§ **TASK GOAL**
The complete listing goes into the output exactly, without its pictures.
------ RECORDS SHOWN
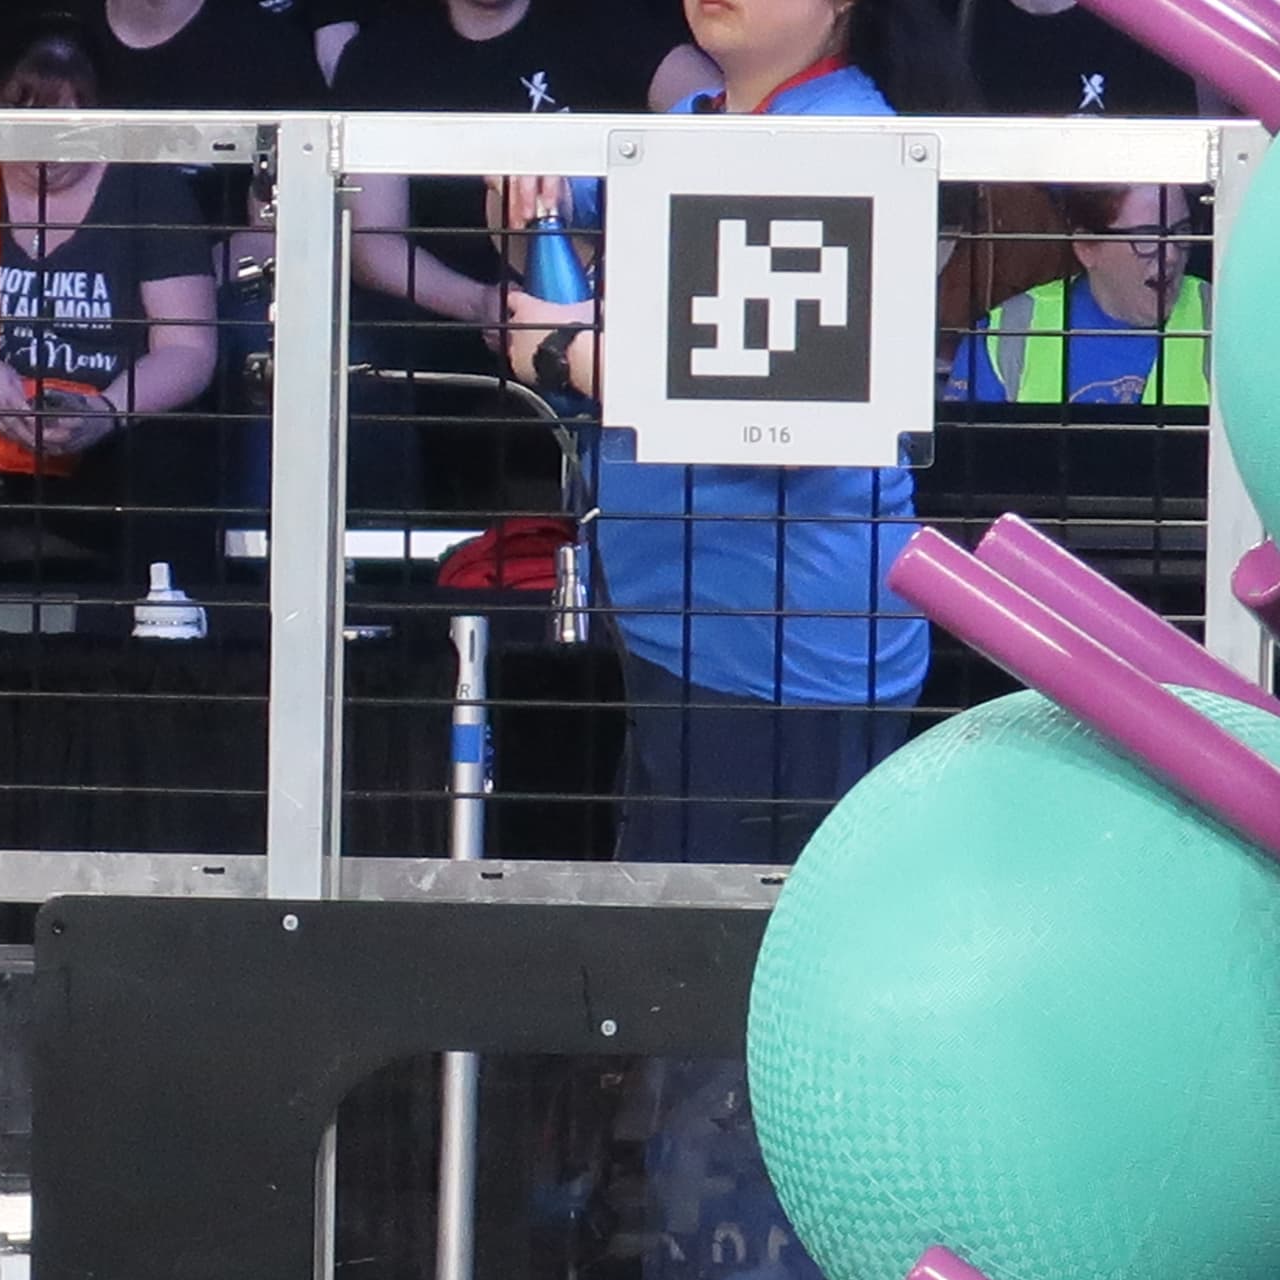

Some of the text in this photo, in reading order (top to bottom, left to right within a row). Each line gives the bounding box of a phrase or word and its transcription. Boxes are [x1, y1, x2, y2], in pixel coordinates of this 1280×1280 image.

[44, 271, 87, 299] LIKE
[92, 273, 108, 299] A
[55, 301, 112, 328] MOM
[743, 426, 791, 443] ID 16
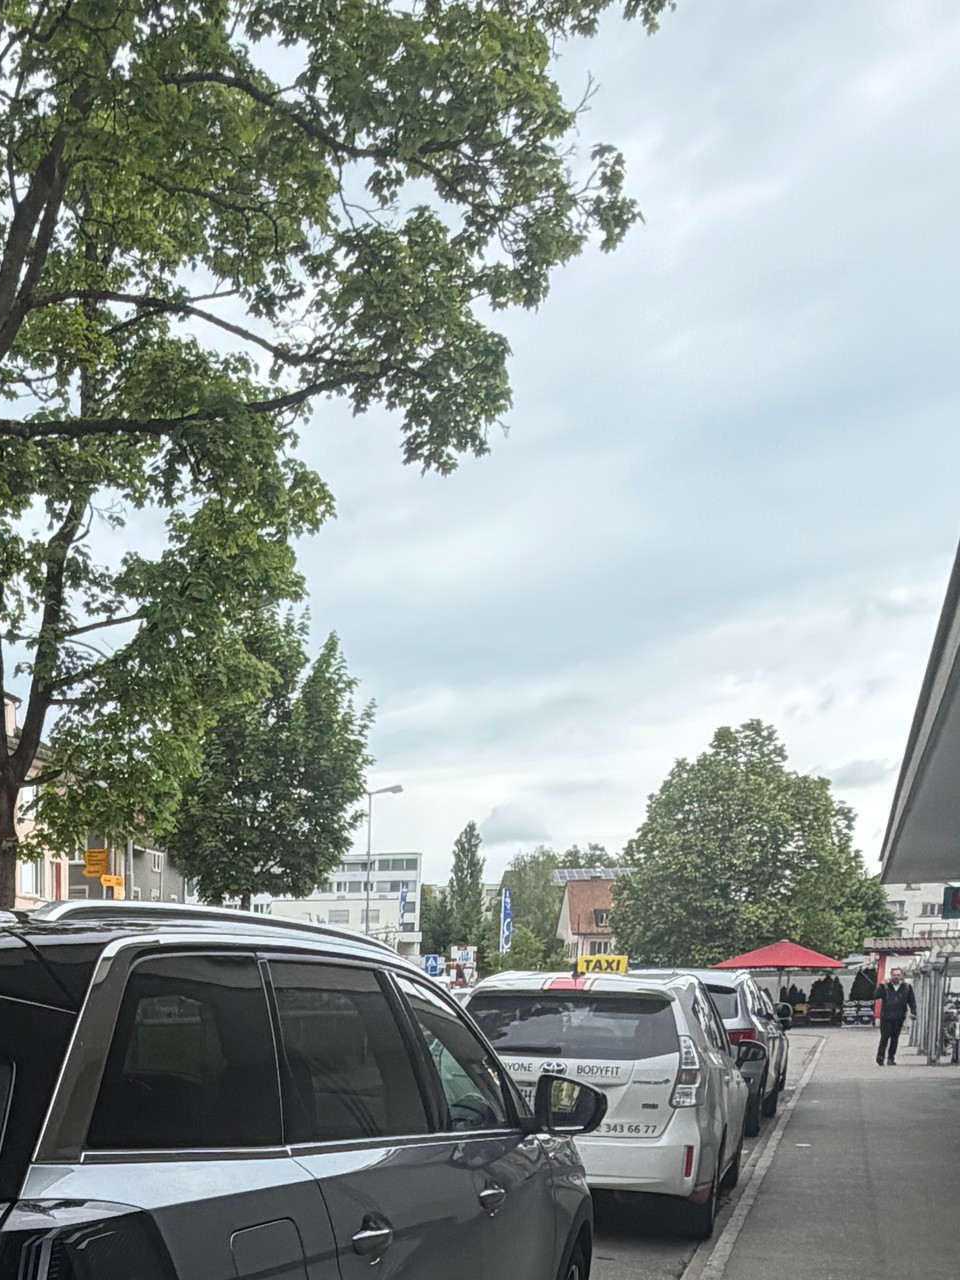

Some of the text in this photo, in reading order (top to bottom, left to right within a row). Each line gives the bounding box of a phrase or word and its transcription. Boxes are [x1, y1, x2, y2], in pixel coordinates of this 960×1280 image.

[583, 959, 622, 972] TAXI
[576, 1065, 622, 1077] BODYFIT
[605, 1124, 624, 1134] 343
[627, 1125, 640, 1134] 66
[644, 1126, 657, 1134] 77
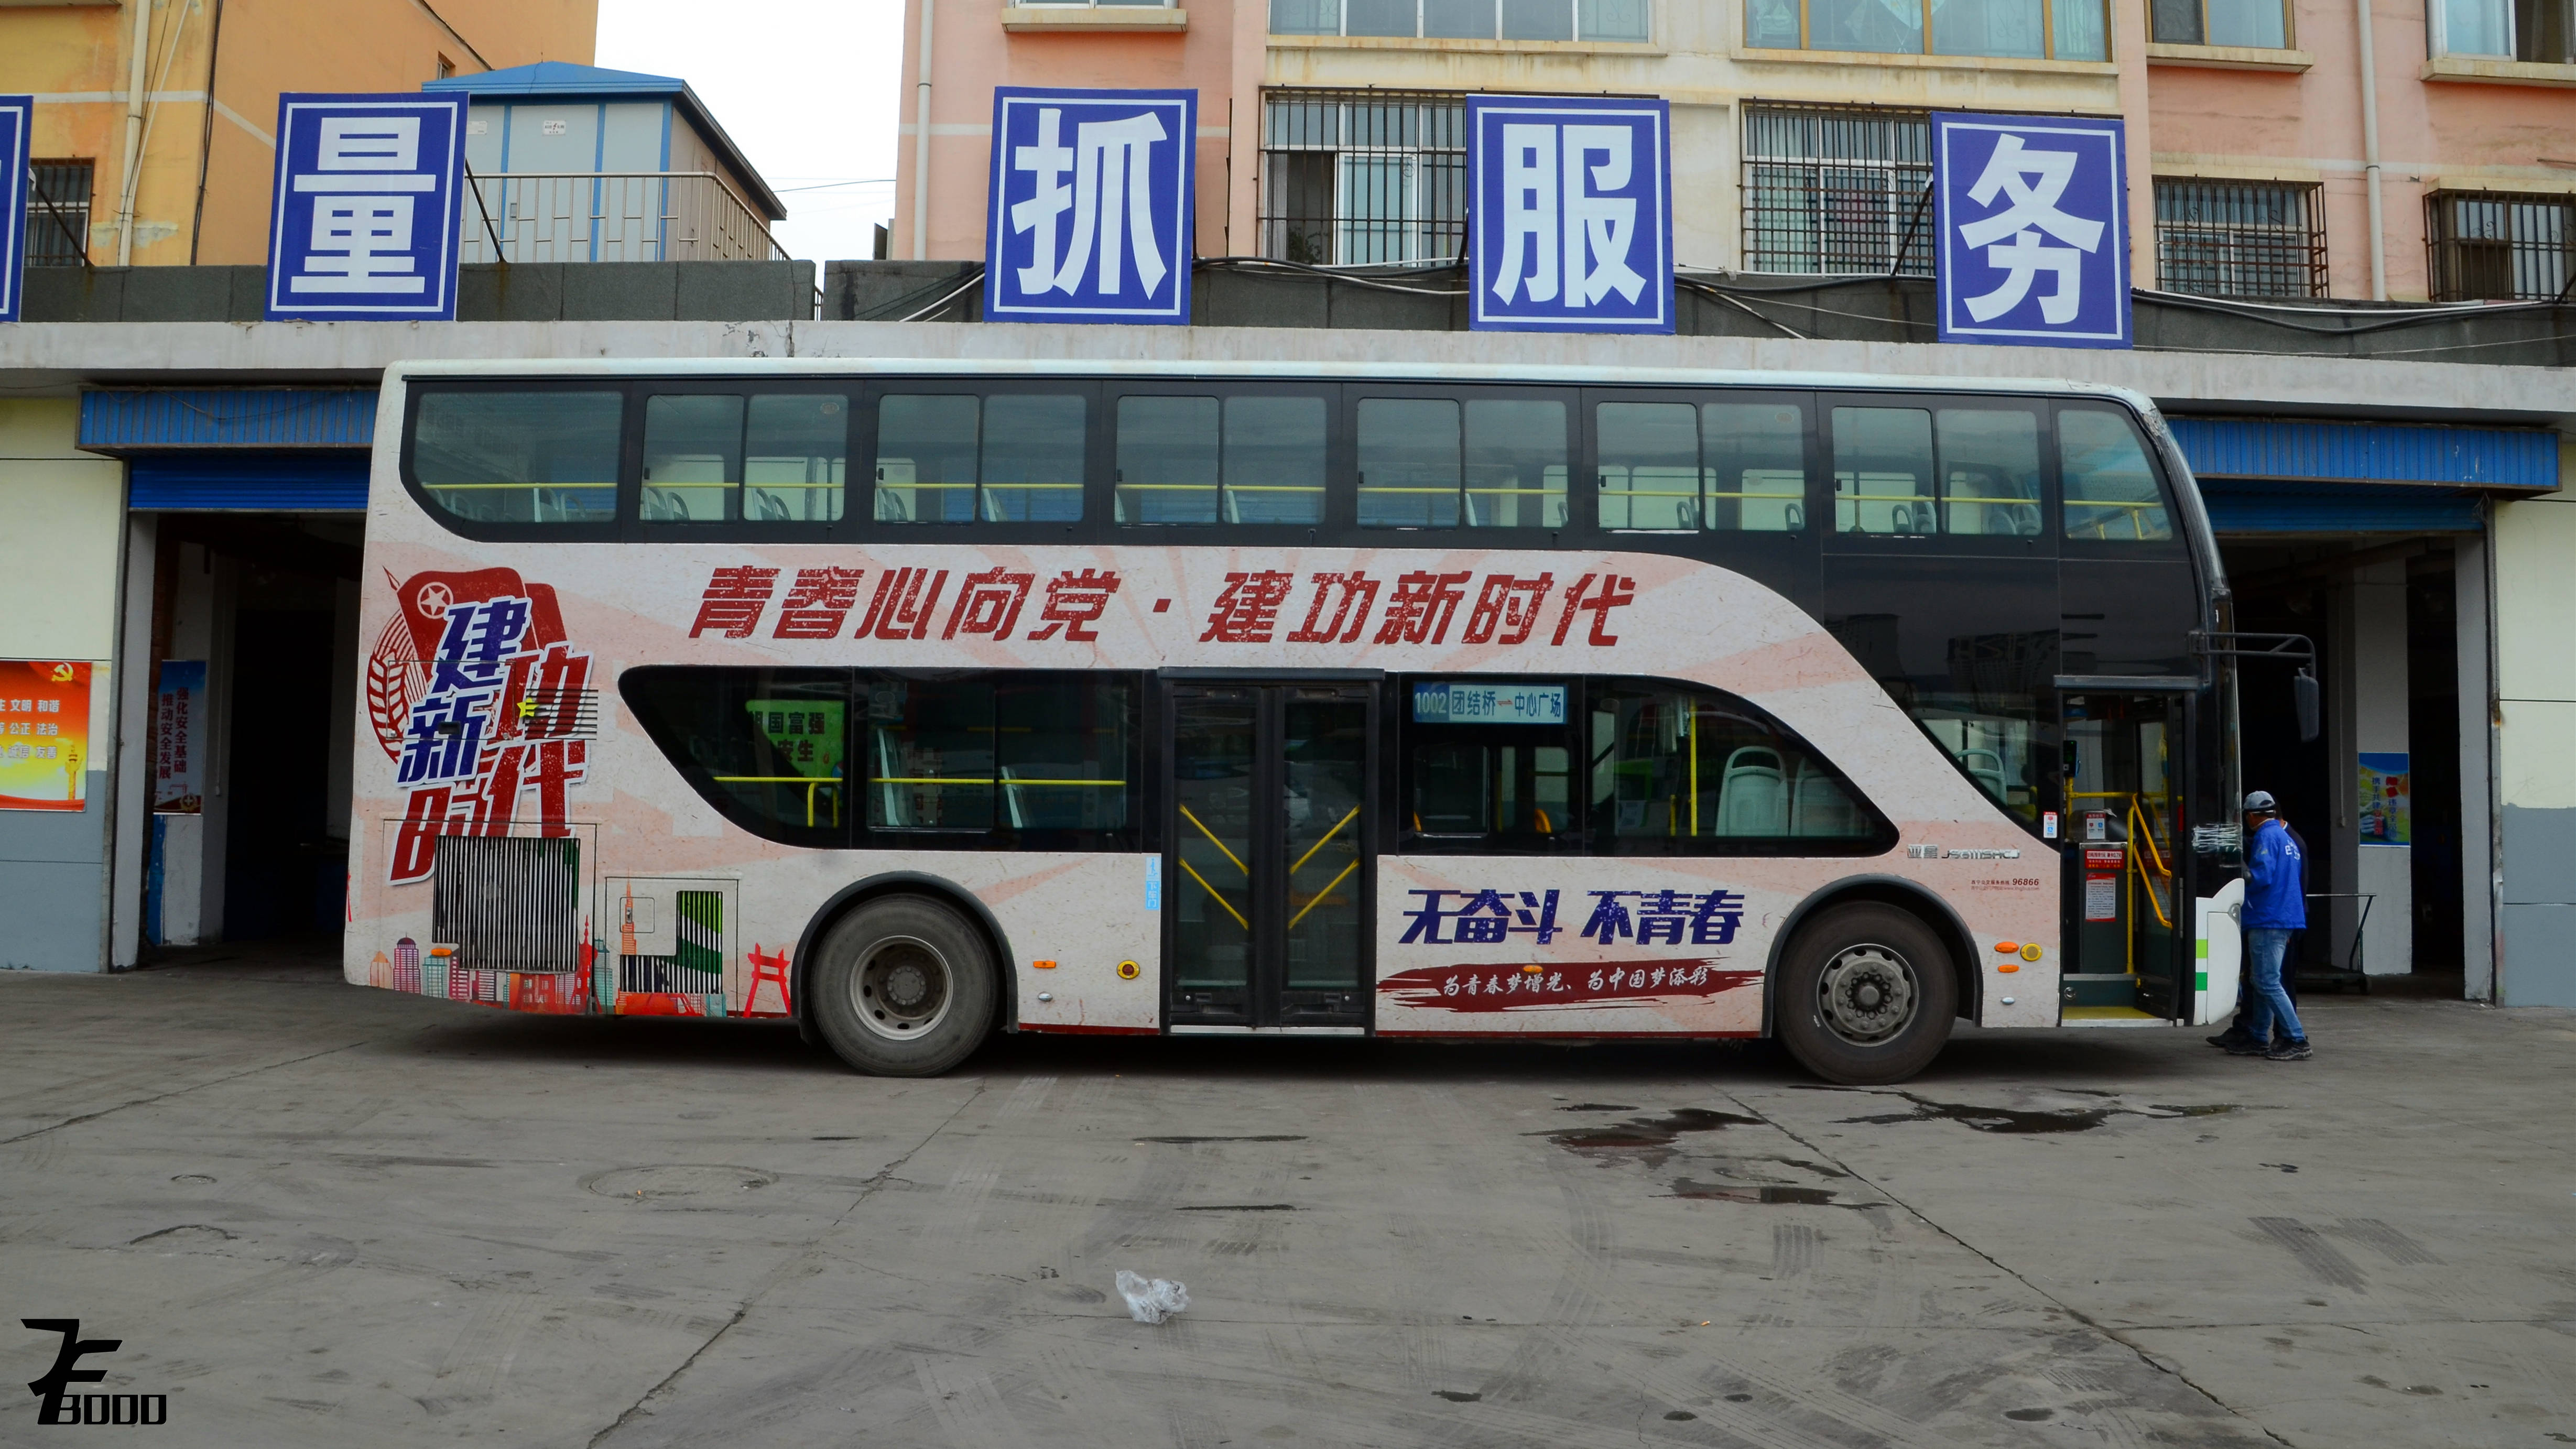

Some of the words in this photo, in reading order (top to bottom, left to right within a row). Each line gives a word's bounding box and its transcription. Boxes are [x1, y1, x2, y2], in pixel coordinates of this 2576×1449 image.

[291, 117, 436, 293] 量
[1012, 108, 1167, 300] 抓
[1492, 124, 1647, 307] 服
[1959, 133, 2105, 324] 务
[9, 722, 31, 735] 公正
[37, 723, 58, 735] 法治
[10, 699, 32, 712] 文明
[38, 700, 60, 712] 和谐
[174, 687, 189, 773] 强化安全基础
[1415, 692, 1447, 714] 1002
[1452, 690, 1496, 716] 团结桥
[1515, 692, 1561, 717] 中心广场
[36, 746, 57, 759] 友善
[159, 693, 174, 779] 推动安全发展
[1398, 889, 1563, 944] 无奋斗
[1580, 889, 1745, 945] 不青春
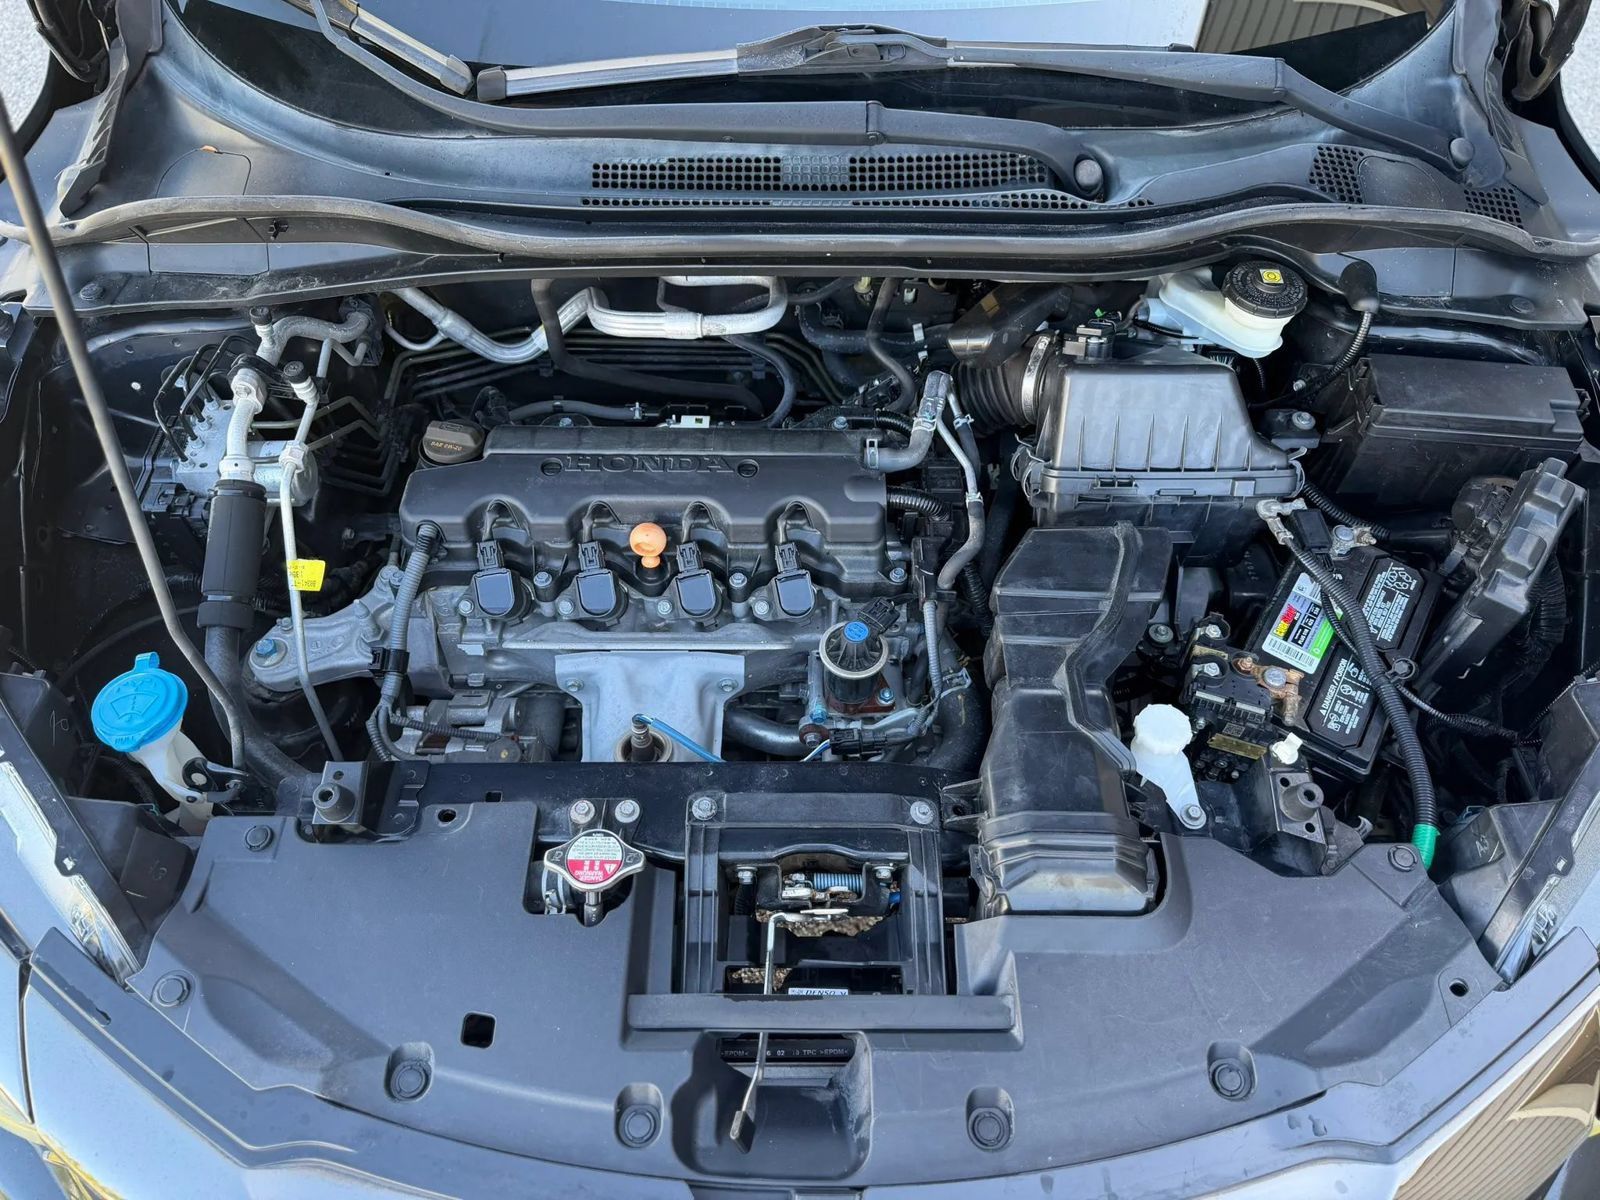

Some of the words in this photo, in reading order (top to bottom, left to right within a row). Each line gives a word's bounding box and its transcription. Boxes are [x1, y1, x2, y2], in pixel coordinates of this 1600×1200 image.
------------
§ **SOLUTION TO THE PROBLEM**
Some of the text in this photo, in reading order (top to bottom, left to right within a row). Each line gives the bounding box of a phrase or word and its transcription. Boxes are [x1, y1, x2, y2], in pixel coordinates of this 1280×1280 image.

[44, 271, 87, 299] LIKE
[92, 273, 108, 299] A
[55, 301, 112, 328] MOM
[743, 426, 791, 443] ID 16

Some of the text in this photo, in reading order (top to bottom, left to right within a row). Each line gives the bounding box of a phrase or word and its transcription. Boxes are [x1, y1, x2, y2], in pixel coordinates of this 960×1280 image.

[583, 959, 622, 972] TAXI
[576, 1065, 622, 1077] BODYFIT
[605, 1124, 624, 1134] 343
[627, 1125, 640, 1134] 66
[644, 1126, 657, 1134] 77

Some of the words in this photo, in reading order (top to bottom, left to right within a row). Each line gives a word's bounding box and its transcription. Boxes are [x1, y1, x2, y2], in pixel coordinates of this 2576×1449 image.

[291, 117, 436, 293] 量
[1012, 108, 1167, 300] 抓
[1492, 124, 1647, 307] 服
[1959, 133, 2105, 324] 务
[9, 722, 31, 735] 公正
[37, 723, 58, 735] 法治
[10, 699, 32, 712] 文明
[38, 700, 60, 712] 和谐
[174, 687, 189, 773] 强化安全基础
[1415, 692, 1447, 714] 1002
[1452, 690, 1496, 716] 团结桥
[1515, 692, 1561, 717] 中心广场
[36, 746, 57, 759] 友善
[159, 693, 174, 779] 推动安全发展
[1398, 889, 1563, 944] 无奋斗
[1580, 889, 1745, 945] 不青春

Some of the words in this photo, in reading order (top to bottom, left to right within a row). Each line gives a word's bounding box and its transcription. Boxes are [x1, y1, x2, y2], in pixel coordinates of this 1600×1200 image.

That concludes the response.